→ Description of the task
Would you reproduce the whole listing below without altering a single word?
(Listed entries Opens)
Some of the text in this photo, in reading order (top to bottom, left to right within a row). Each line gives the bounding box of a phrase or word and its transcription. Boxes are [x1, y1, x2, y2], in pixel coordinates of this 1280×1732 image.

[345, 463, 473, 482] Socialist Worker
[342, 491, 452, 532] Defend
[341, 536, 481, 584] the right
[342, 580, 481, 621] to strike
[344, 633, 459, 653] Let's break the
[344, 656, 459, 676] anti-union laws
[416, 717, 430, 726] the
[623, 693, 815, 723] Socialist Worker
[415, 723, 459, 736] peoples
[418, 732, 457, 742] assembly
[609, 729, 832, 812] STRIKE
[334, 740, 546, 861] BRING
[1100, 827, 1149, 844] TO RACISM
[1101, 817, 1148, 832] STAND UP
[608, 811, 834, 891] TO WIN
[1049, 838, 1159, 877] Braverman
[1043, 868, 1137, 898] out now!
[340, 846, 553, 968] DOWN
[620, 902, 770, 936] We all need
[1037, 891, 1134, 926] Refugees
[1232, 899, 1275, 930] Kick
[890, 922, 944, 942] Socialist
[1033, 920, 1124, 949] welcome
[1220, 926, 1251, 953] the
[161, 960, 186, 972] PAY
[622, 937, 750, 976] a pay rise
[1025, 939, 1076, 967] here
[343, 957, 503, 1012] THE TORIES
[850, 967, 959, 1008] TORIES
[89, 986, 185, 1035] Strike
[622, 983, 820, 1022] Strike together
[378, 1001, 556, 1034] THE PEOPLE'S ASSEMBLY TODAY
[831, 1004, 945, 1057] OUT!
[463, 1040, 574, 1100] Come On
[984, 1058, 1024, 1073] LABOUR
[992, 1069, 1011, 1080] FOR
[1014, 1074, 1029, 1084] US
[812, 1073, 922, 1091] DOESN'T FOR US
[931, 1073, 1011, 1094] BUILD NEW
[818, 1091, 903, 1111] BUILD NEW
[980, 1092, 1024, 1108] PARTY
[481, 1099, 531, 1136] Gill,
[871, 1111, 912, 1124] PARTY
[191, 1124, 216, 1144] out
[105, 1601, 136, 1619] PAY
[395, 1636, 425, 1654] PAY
(Listed entries Closes)
→ The answer
Some of the text in this photo, in reading order (top to bottom, left to right within a row). Each line gives the bounding box of a phrase or word and its transcription. Boxes are [x1, y1, x2, y2], in pixel coordinates of this 1280×1732 image.

[345, 463, 473, 482] Socialist Worker
[342, 491, 452, 532] Defend
[341, 536, 481, 584] the right
[342, 580, 481, 621] to strike
[344, 633, 459, 653] Let's break the
[344, 656, 459, 676] anti-union laws
[416, 717, 430, 726] the
[623, 693, 815, 723] Socialist Worker
[415, 723, 459, 736] peoples
[418, 732, 457, 742] assembly
[609, 729, 832, 812] STRIKE
[334, 740, 546, 861] BRING
[1100, 827, 1149, 844] TO RACISM
[1101, 817, 1148, 832] STAND UP
[608, 811, 834, 891] TO WIN
[1049, 838, 1159, 877] Braverman
[1043, 868, 1137, 898] out now!
[340, 846, 553, 968] DOWN
[620, 902, 770, 936] We all need
[1037, 891, 1134, 926] Refugees
[1232, 899, 1275, 930] Kick
[890, 922, 944, 942] Socialist
[1033, 920, 1124, 949] welcome
[1220, 926, 1251, 953] the
[161, 960, 186, 972] PAY
[622, 937, 750, 976] a pay rise
[1025, 939, 1076, 967] here
[343, 957, 503, 1012] THE TORIES
[850, 967, 959, 1008] TORIES
[89, 986, 185, 1035] Strike
[622, 983, 820, 1022] Strike together
[378, 1001, 556, 1034] THE PEOPLE'S ASSEMBLY TODAY
[831, 1004, 945, 1057] OUT!
[463, 1040, 574, 1100] Come On
[984, 1058, 1024, 1073] LABOUR
[992, 1069, 1011, 1080] FOR
[1014, 1074, 1029, 1084] US
[812, 1073, 922, 1091] DOESN'T FOR US
[931, 1073, 1011, 1094] BUILD NEW
[818, 1091, 903, 1111] BUILD NEW
[980, 1092, 1024, 1108] PARTY
[481, 1099, 531, 1136] Gill,
[871, 1111, 912, 1124] PARTY
[191, 1124, 216, 1144] out
[105, 1601, 136, 1619] PAY
[395, 1636, 425, 1654] PAY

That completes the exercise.